The good news is that you’re not the only one. Not even close. Most people are spiraling and want more friends to share this crazy life with.

So as a final tip, do yourself a favor: Stop feeling bad about yourself and the current state of your social life. There is a vast world of fellow lonely souls who want to connect with people like you. If you want proof, put on some pants and interact with the real world.

Talk to 10 strangers. Host a dinner party. Organize a morning run. Take a drawing course. Just get out there. You’ll be surprised by the warm reception you’ll receive. And little by little, your social life will become more vibrant. I promise.

Alright, I’m done babbling for now. Put your phone down and get after it.

🧘‍♂️ II. Audiobook I’m Enjoying

Many people have recommended Shantaram by Gregory David Roberts over the years, and I’m finally diving into this long, beautiful story. I’ve listened to a third of the audiobook, and the story is living up to the hype.

Here’s the description from Amazon in case you’re interested:

“An escaped convict with a false passport, Lin flees maximum security prison in Australia for the teeming streets of Bombay, where he can disappear. Accompanied by his guide and faithful friend, Prabaker, the two enter the city’s hidden society of beggars and gangsters, prostitutes and holy men, soldiers and actors, and Indians and exiles from other countries, who seek in this remarkable place what they cannot find elsewhere.

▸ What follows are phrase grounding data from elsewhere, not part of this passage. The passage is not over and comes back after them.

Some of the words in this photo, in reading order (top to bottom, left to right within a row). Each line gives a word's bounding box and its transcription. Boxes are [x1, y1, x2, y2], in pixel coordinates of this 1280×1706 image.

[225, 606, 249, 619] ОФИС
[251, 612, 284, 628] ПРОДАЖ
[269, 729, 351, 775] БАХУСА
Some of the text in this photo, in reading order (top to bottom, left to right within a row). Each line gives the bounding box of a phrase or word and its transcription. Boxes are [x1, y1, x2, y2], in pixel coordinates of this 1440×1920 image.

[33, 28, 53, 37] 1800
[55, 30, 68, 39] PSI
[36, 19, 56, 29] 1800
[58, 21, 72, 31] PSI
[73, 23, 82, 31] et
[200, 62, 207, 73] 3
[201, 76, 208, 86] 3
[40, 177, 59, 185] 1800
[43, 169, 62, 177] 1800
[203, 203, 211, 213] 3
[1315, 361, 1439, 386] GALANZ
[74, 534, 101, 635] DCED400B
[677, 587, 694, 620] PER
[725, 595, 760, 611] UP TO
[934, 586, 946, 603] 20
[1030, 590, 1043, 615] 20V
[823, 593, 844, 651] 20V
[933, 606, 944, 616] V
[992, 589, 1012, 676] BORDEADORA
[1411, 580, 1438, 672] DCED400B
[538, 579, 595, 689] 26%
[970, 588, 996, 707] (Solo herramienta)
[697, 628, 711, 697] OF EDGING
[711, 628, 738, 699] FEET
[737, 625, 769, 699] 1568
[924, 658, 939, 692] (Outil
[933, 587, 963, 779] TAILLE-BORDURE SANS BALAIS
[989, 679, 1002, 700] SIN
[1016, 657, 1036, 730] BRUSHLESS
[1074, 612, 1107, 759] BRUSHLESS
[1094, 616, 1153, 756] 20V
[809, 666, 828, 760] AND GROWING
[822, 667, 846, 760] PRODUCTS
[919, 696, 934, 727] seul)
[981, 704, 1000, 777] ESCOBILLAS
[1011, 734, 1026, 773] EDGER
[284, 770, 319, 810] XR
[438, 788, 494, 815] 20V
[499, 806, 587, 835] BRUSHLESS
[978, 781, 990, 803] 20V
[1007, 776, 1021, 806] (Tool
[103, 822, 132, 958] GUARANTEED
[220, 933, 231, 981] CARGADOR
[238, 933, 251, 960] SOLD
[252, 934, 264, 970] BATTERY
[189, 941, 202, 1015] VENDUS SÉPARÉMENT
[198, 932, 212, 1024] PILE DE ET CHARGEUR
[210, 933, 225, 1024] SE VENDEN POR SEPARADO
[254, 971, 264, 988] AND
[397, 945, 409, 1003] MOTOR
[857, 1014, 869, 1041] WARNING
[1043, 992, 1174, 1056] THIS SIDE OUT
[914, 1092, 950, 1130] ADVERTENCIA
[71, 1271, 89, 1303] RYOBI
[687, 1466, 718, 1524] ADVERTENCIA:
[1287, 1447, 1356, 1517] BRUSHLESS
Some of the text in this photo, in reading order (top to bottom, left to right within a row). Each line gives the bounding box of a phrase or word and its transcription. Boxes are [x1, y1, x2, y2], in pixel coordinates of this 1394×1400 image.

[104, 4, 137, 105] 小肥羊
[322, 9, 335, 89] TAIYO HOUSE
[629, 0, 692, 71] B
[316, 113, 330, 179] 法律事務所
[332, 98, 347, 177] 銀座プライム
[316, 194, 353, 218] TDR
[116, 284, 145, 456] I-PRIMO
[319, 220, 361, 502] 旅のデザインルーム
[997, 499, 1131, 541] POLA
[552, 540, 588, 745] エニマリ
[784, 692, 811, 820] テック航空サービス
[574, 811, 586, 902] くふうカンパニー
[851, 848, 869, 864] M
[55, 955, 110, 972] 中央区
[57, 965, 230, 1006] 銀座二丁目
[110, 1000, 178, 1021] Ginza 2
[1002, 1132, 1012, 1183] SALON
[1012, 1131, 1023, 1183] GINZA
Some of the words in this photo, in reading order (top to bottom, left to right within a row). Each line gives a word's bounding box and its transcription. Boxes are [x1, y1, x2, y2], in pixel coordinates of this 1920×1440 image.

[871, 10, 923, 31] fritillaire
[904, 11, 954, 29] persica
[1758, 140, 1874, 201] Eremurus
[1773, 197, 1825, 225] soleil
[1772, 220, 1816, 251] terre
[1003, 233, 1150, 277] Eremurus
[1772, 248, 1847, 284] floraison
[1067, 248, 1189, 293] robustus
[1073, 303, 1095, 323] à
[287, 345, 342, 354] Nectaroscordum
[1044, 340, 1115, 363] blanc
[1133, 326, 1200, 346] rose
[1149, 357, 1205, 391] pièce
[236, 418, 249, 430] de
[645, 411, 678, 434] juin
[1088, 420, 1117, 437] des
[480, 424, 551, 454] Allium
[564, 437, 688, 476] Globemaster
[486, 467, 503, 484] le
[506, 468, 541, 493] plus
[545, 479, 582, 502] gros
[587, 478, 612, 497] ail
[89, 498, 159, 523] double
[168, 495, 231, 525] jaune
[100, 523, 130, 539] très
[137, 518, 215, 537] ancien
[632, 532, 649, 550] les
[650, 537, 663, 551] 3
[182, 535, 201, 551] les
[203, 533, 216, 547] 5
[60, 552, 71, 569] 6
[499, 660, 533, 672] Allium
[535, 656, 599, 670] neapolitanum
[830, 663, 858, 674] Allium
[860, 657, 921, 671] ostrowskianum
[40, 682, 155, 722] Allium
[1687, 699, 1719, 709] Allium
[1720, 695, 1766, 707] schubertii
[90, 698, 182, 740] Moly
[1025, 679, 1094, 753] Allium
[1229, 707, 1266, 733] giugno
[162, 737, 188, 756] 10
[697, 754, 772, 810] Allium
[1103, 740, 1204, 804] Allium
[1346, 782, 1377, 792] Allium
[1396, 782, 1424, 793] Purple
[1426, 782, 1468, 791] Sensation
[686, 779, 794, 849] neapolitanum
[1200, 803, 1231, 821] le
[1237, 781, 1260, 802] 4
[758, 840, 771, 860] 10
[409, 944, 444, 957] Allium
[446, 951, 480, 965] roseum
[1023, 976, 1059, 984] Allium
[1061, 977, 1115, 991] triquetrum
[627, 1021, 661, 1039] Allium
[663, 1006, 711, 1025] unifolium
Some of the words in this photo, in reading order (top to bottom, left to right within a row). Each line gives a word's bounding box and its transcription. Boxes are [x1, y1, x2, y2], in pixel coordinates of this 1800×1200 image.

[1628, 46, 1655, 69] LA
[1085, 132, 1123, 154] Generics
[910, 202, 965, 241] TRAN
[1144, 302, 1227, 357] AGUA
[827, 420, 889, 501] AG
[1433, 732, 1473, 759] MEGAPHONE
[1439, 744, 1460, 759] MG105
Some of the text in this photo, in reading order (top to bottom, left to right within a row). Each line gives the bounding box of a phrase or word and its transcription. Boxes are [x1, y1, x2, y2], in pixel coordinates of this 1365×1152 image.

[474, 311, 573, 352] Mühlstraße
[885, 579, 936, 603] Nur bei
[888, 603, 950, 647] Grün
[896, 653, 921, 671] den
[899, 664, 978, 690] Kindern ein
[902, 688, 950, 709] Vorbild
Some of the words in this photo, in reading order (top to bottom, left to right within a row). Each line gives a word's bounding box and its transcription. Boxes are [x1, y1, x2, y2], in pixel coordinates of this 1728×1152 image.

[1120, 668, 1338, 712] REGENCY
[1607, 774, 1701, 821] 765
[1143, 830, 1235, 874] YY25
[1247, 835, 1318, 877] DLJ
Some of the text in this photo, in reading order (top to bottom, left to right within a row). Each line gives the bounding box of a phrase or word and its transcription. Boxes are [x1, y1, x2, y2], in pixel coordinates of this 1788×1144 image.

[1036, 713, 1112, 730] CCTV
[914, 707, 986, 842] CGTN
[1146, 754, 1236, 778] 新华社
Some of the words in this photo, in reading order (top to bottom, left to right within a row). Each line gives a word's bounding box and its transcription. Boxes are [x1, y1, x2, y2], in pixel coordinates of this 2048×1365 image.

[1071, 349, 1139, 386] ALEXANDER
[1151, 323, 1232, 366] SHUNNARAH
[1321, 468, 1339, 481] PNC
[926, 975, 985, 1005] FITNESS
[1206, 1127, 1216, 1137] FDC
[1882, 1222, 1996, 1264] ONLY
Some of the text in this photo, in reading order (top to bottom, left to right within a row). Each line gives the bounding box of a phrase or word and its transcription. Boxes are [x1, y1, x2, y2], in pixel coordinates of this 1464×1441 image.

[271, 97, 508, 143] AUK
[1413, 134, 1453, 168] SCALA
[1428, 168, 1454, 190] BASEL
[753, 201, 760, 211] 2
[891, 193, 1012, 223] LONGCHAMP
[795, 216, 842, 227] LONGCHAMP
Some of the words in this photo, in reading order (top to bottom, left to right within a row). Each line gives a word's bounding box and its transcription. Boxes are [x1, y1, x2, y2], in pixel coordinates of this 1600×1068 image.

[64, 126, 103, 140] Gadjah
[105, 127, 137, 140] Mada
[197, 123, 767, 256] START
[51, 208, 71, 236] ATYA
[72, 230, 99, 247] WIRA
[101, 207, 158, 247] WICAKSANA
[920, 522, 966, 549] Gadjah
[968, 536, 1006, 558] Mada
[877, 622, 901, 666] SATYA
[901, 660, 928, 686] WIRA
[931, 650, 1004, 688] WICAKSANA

As a hunted man without a home, family, or identity, Lin searches for love and meaning while running a clinic in one of the city’s poorest slums, and serving his apprenticeship in the dark arts of the Bombay mafia. The search leads him to war, prison torture, murder, and a series of enigmatic and bloody betrayals. The keys to unlock the mysteries and intrigues that bind Lin are held by two people. The first is Khader Khan: mafia godfather, criminal-philosopher-saint, and mentor to Lin in the underworld of the Golden City. The second is Karla: elusive, dangerous, and beautiful, whose passions are driven by secrets that torment her and yet give her a terrible power.

Burning slums and five-star hotels, romantic love and prison agonies, criminal wars and Bollywood films, spiritual gurus and mujaheddin guerrillas―this huge novel has the world of human experience in its reach, and a passionate love for India at its heart.”

🧠 III. Something I’m Thinking About

I believe that most of us know what we need to do. Sure, we can be blinded by numbing agents, fear, insecurity, and people that distract and paralyze us, but even then, there is a faint voice telling us what’s good and right.

The challenge of life is learning how to hear, trust, and listen to that voice. Developing this skill is important because it is the best way to avoid the painful moments in life when you realize that you have acted or not acted too late, which is the theme of Bukowski’s poem “oh yes.”

“there are worse things than

being alone

but it often takes decades

to realize this

and most often

when you do

it’s too late

and there’s nothing worse


too late.”

“oh, yes” by Charles Bukowski

That's all for now. See you next Sunday.